→ **Task details**
Only the lines from the one with "this 2400×1350 image." to the end of the data below should be returned, each exactly as it stands.

→ **Records for this task**
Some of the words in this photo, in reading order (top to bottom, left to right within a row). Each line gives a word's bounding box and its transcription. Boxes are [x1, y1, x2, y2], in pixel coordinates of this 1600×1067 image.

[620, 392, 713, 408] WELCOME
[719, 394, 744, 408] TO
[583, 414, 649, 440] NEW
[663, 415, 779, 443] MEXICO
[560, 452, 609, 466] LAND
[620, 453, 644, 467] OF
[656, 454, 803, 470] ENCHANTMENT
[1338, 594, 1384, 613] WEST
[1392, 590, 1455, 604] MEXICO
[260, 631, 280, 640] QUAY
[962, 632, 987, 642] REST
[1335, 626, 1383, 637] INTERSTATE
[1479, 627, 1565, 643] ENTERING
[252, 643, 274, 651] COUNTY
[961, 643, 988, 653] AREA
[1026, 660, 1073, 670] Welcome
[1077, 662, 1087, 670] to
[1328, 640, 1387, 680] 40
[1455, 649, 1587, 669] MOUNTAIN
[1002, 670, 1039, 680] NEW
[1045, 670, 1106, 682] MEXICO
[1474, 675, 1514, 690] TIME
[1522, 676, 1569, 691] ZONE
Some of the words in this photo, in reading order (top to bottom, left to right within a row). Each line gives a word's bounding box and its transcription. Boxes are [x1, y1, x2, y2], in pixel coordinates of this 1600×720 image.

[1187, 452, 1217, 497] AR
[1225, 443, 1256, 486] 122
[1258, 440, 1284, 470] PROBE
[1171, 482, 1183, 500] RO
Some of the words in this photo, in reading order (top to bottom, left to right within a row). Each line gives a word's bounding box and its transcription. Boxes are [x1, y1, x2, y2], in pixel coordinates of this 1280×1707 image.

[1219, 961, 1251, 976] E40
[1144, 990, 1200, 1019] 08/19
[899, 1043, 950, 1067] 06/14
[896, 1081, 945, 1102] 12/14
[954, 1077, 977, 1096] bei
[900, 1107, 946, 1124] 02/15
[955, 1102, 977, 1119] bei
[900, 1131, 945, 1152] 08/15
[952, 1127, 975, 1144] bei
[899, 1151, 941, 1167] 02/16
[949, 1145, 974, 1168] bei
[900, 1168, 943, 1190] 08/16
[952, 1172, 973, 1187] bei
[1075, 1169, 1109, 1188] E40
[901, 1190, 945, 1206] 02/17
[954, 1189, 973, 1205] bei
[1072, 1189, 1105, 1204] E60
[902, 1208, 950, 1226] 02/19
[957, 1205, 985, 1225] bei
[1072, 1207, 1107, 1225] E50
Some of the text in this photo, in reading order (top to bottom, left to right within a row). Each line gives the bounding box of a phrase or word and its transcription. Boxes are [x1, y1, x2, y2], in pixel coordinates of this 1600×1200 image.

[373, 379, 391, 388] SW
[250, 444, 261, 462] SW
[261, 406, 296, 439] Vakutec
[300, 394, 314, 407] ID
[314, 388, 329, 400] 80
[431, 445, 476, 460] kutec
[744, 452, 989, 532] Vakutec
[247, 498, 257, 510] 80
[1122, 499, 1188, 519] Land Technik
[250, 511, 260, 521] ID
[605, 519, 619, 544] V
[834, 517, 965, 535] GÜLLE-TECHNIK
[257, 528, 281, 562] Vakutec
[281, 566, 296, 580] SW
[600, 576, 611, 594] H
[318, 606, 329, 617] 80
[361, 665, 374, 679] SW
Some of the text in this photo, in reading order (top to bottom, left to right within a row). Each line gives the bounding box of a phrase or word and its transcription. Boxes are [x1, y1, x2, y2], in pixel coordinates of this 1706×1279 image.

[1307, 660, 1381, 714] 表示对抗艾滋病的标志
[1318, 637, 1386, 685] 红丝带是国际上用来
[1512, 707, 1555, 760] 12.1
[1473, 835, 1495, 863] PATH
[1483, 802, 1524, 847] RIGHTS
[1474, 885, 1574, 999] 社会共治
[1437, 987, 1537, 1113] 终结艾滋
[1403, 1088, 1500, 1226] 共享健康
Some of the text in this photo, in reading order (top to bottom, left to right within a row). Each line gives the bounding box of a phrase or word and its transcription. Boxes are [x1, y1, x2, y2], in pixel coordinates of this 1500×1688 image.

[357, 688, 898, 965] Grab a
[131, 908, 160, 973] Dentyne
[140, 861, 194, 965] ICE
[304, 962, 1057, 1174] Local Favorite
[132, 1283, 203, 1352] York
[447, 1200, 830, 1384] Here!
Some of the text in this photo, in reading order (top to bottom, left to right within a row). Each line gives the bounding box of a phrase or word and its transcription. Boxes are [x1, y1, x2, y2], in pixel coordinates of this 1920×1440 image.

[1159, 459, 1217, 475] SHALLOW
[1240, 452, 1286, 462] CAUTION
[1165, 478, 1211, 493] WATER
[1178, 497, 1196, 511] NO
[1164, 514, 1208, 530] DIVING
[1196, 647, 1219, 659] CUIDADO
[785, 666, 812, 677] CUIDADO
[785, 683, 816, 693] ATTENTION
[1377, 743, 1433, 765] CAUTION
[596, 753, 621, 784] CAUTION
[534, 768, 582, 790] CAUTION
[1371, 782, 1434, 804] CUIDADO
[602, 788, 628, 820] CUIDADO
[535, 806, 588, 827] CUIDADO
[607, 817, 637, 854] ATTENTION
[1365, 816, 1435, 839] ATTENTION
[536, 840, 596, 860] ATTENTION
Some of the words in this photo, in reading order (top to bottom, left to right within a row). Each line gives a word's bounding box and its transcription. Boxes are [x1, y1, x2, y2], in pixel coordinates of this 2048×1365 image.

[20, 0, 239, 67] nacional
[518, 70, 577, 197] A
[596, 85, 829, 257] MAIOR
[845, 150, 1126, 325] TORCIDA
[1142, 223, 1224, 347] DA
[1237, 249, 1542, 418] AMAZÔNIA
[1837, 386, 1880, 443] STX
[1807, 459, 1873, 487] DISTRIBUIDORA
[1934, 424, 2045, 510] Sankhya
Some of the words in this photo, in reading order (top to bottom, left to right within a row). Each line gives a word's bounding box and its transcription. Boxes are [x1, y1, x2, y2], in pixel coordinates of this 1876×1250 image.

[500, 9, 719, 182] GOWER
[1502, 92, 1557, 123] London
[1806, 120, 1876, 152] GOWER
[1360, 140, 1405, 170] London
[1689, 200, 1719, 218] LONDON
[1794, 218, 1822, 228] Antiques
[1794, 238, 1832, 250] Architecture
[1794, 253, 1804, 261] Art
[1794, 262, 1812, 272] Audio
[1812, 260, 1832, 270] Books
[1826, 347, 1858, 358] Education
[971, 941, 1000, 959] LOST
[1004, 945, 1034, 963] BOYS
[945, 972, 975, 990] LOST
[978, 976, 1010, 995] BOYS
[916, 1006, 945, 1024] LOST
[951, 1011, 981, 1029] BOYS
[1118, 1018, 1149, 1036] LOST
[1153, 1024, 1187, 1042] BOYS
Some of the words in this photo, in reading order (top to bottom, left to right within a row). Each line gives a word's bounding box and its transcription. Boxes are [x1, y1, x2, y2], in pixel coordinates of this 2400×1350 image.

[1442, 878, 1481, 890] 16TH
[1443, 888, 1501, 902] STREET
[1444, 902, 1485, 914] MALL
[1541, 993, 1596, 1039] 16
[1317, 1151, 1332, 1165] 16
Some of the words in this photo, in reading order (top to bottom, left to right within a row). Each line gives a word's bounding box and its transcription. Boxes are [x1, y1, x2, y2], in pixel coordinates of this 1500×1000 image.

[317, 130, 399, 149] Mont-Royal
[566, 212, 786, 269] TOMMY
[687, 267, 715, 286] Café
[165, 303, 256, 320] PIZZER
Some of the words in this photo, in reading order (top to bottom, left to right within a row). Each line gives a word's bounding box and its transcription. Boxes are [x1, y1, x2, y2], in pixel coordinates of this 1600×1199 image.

→ **The completed task**
Some of the words in this photo, in reading order (top to bottom, left to right within a row). Each line gives a word's bounding box and its transcription. Boxes are [x1, y1, x2, y2], in pixel coordinates of this 2400×1350 image.

[1442, 878, 1481, 890] 16TH
[1443, 888, 1501, 902] STREET
[1444, 902, 1485, 914] MALL
[1541, 993, 1596, 1039] 16
[1317, 1151, 1332, 1165] 16
Some of the words in this photo, in reading order (top to bottom, left to right within a row). Each line gives a word's bounding box and its transcription. Boxes are [x1, y1, x2, y2], in pixel coordinates of this 1500×1000 image.

[317, 130, 399, 149] Mont-Royal
[566, 212, 786, 269] TOMMY
[687, 267, 715, 286] Café
[165, 303, 256, 320] PIZZER
Some of the words in this photo, in reading order (top to bottom, left to right within a row). Each line gives a word's bounding box and its transcription. Boxes are [x1, y1, x2, y2], in pixel coordinates of this 1600×1199 image.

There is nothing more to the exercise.